_ACTIVITY_
Repeat the entries below word for word, though any picture in them should be dropped.

/---

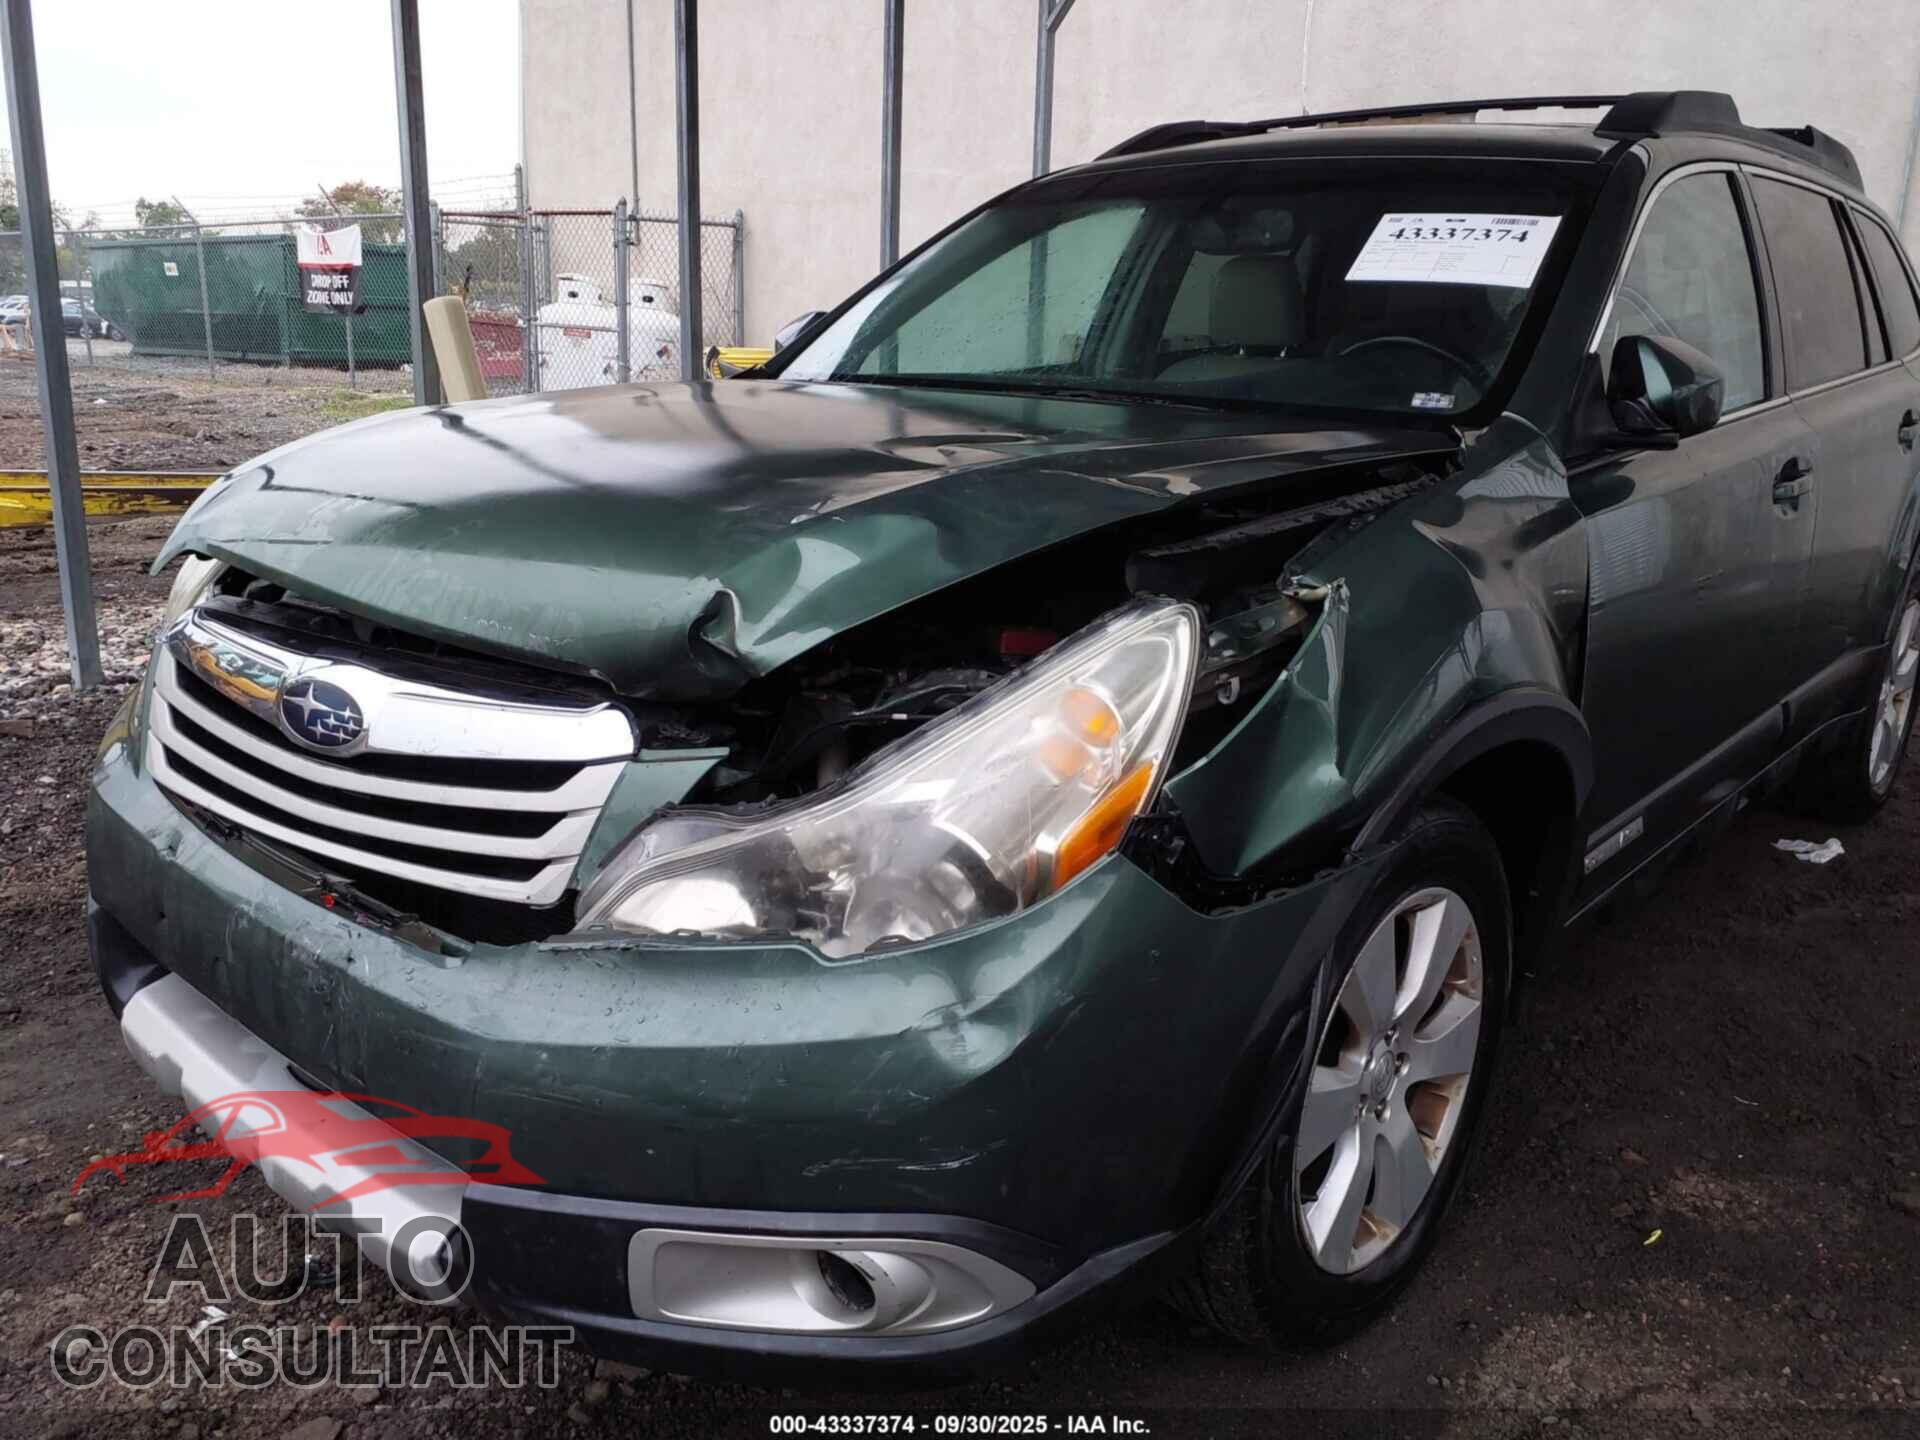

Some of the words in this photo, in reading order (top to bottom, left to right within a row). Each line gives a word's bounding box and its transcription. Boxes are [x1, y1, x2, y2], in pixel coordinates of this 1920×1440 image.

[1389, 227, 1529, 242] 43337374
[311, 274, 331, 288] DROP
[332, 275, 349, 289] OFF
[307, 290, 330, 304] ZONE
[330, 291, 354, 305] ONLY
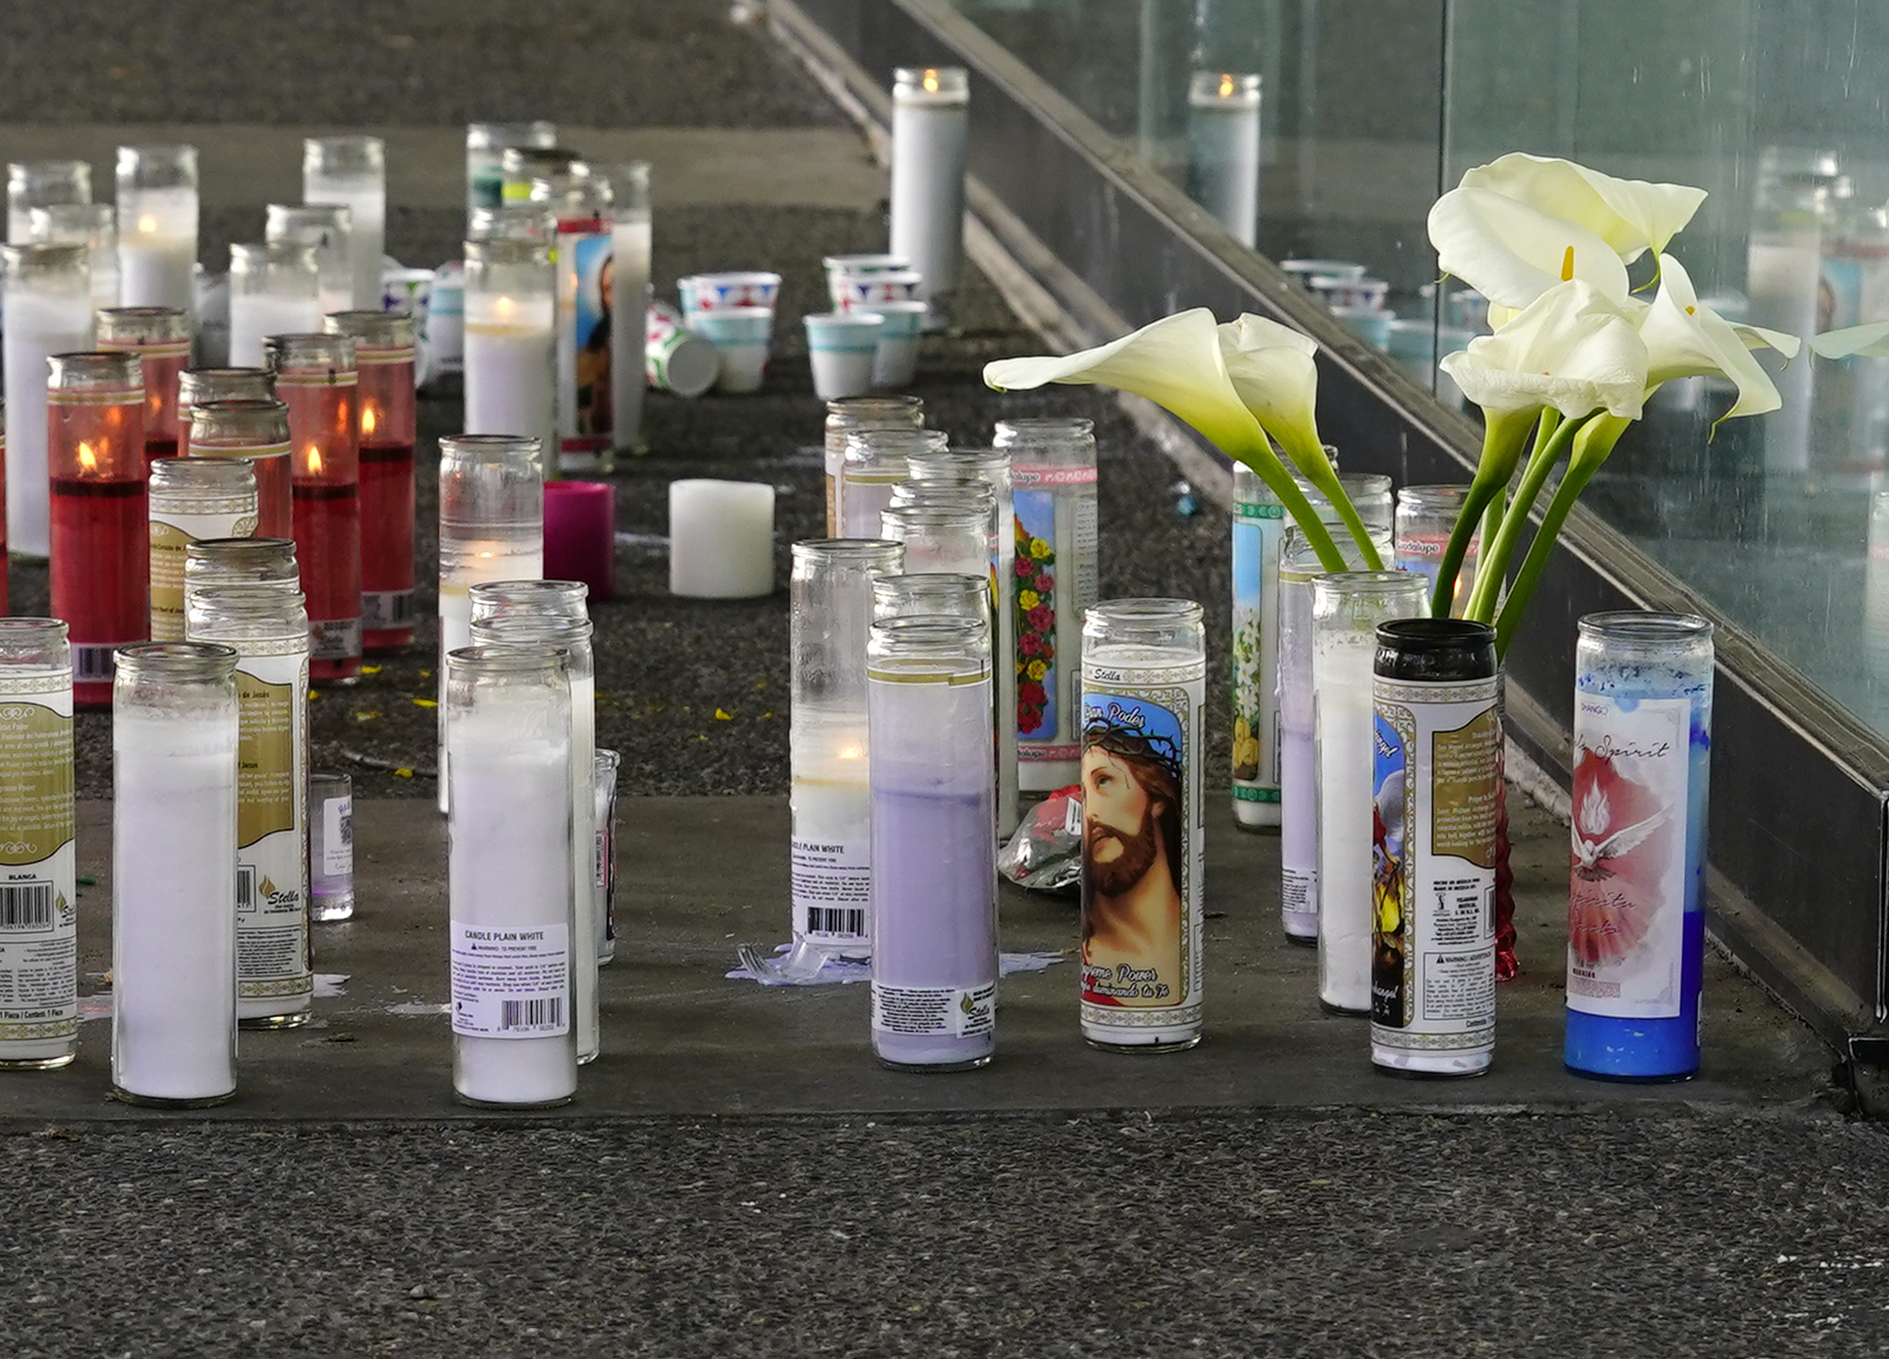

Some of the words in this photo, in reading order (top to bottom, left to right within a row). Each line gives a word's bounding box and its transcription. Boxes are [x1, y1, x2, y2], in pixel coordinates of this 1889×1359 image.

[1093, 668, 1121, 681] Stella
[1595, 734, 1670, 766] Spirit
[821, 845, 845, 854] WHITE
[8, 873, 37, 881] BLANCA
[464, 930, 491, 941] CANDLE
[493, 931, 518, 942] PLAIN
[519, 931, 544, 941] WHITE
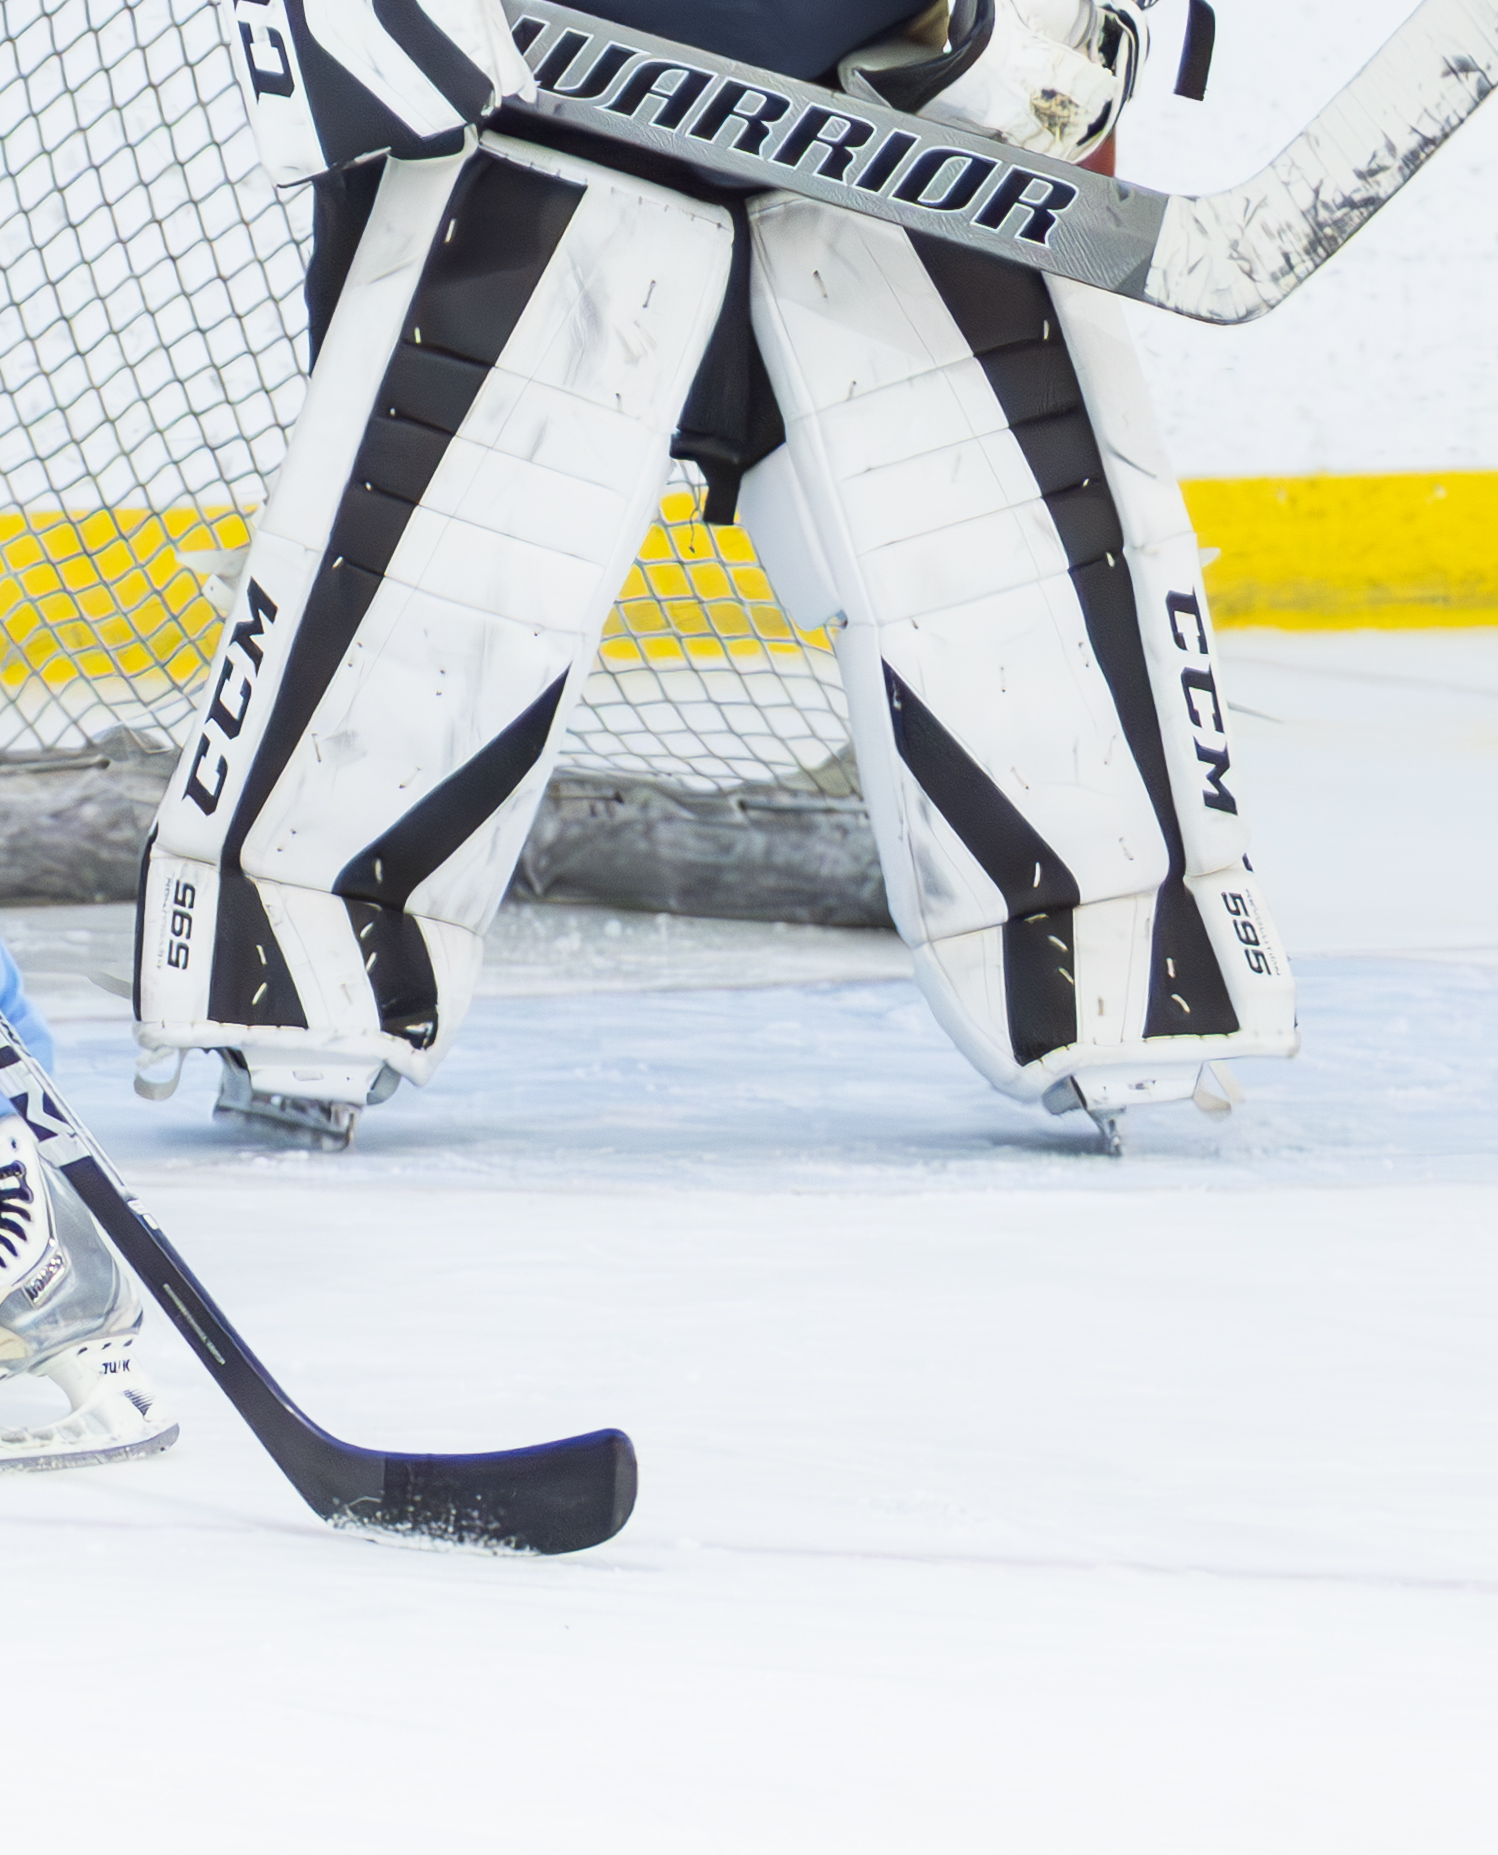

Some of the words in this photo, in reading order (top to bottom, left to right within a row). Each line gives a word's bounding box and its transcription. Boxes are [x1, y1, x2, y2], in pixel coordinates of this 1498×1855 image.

\---

_WRITTEN SOLUTION_
Some of the words in this photo, in reading order (top to bottom, left to right within a row). Each line gives a word's bounding box and its transcription. Boxes are [x1, y1, x2, y2], in pixel coordinates of this 1920×1440 image.

[1389, 227, 1529, 242] 43337374
[311, 274, 331, 288] DROP
[332, 275, 349, 289] OFF
[307, 290, 330, 304] ZONE
[330, 291, 354, 305] ONLY

Some of the words in this photo, in reading order (top to bottom, left to right within a row). Each line gives a word's bounding box and its transcription. Boxes are [x1, y1, x2, y2], in pixel coordinates of this 1889×1359 image.

[1093, 668, 1121, 681] Stella
[1595, 734, 1670, 766] Spirit
[821, 845, 845, 854] WHITE
[8, 873, 37, 881] BLANCA
[464, 930, 491, 941] CANDLE
[493, 931, 518, 942] PLAIN
[519, 931, 544, 941] WHITE

Some of the words in this photo, in reading order (top to bottom, left to right within a row). Each line gives a word's bounding box and its transcription. Boxes are [x1, y1, x2, y2], in pixel coordinates of this 1498×1855 image.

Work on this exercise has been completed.